What you should do: In the listing that follows, give every line again exactly and omit the pictures.

Input material:

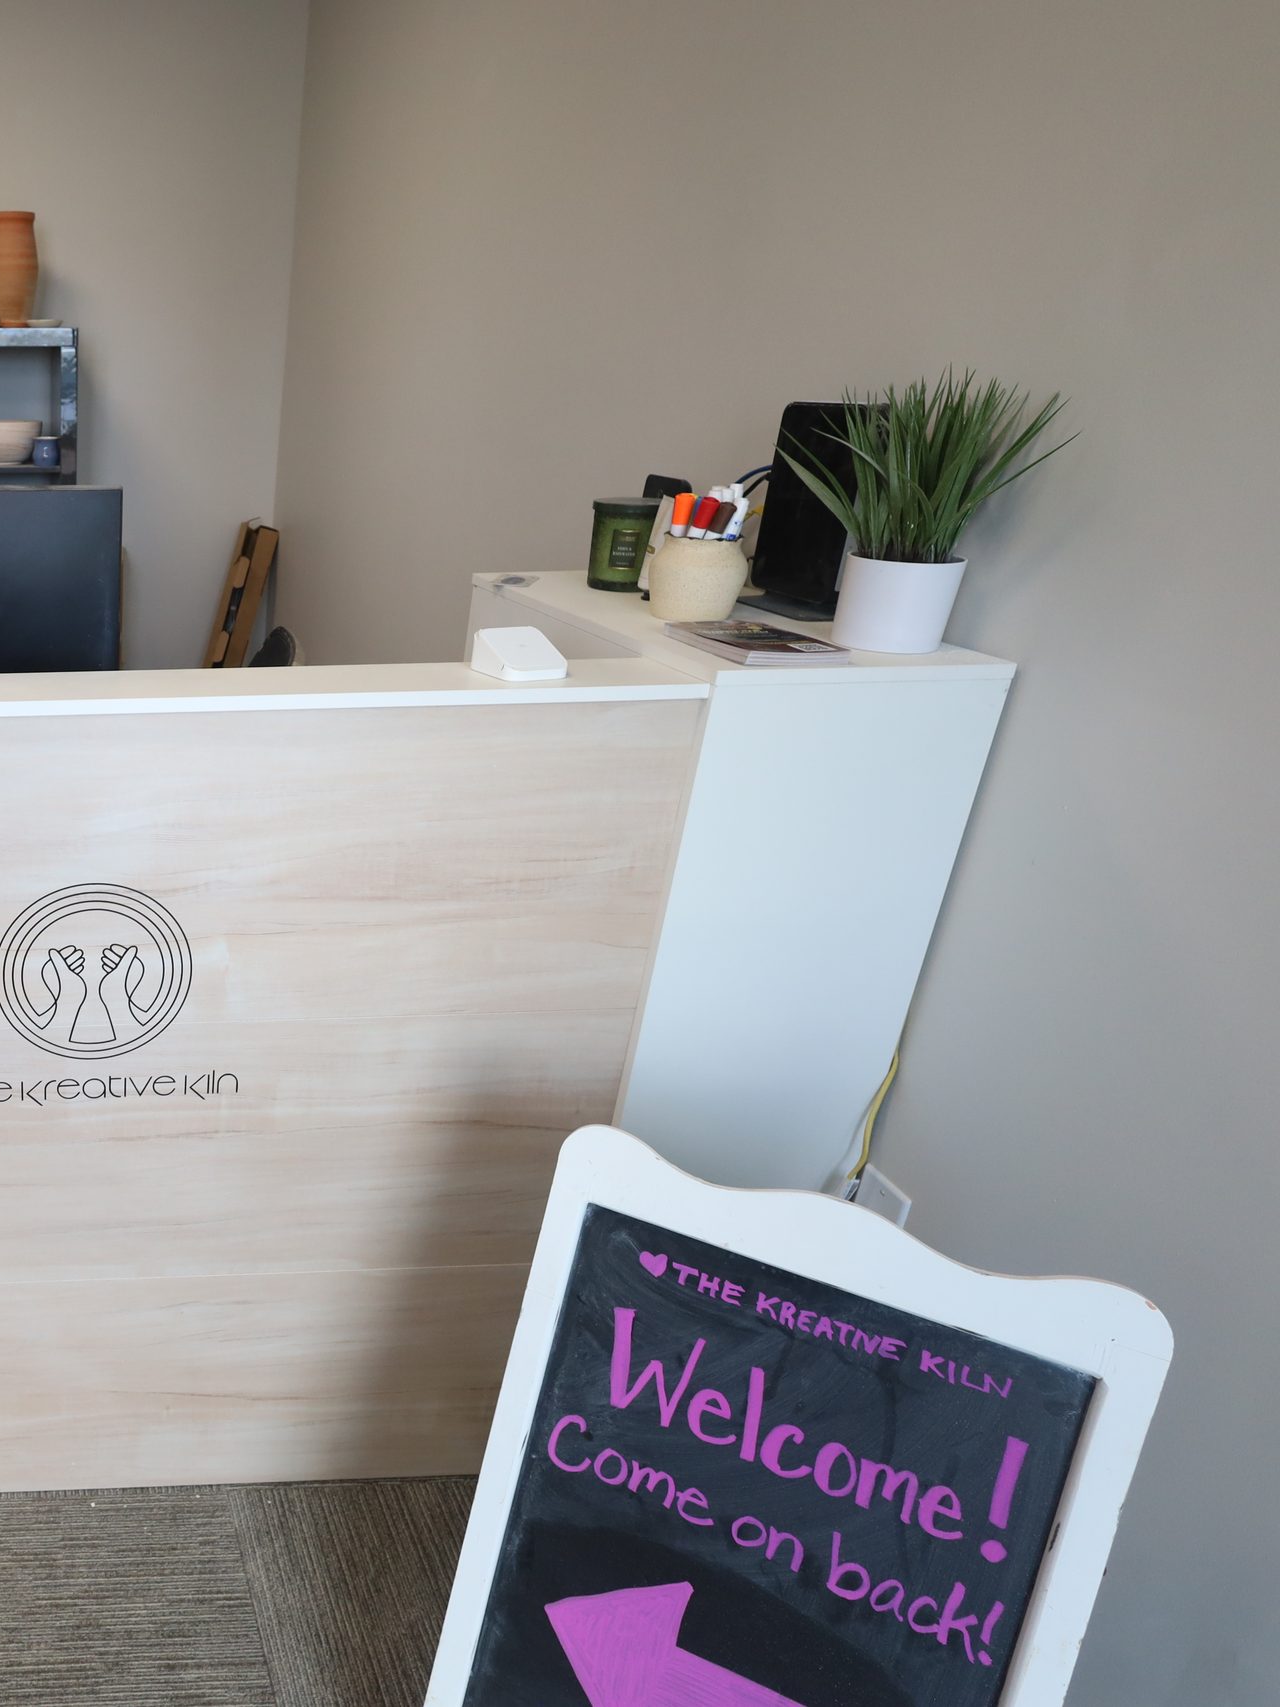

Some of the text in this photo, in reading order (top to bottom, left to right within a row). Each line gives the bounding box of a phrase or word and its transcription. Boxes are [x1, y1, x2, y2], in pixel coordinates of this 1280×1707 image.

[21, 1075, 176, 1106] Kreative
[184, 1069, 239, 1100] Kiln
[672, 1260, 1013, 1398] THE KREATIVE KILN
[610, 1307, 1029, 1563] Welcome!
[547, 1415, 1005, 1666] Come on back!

Finished exercise:
Some of the text in this photo, in reading order (top to bottom, left to right within a row). Each line gives the bounding box of a phrase or word and its transcription. Boxes are [x1, y1, x2, y2], in pixel coordinates of this 1280×1707 image.

[21, 1075, 176, 1106] Kreative
[184, 1069, 239, 1100] Kiln
[672, 1260, 1013, 1398] THE KREATIVE KILN
[610, 1307, 1029, 1563] Welcome!
[547, 1415, 1005, 1666] Come on back!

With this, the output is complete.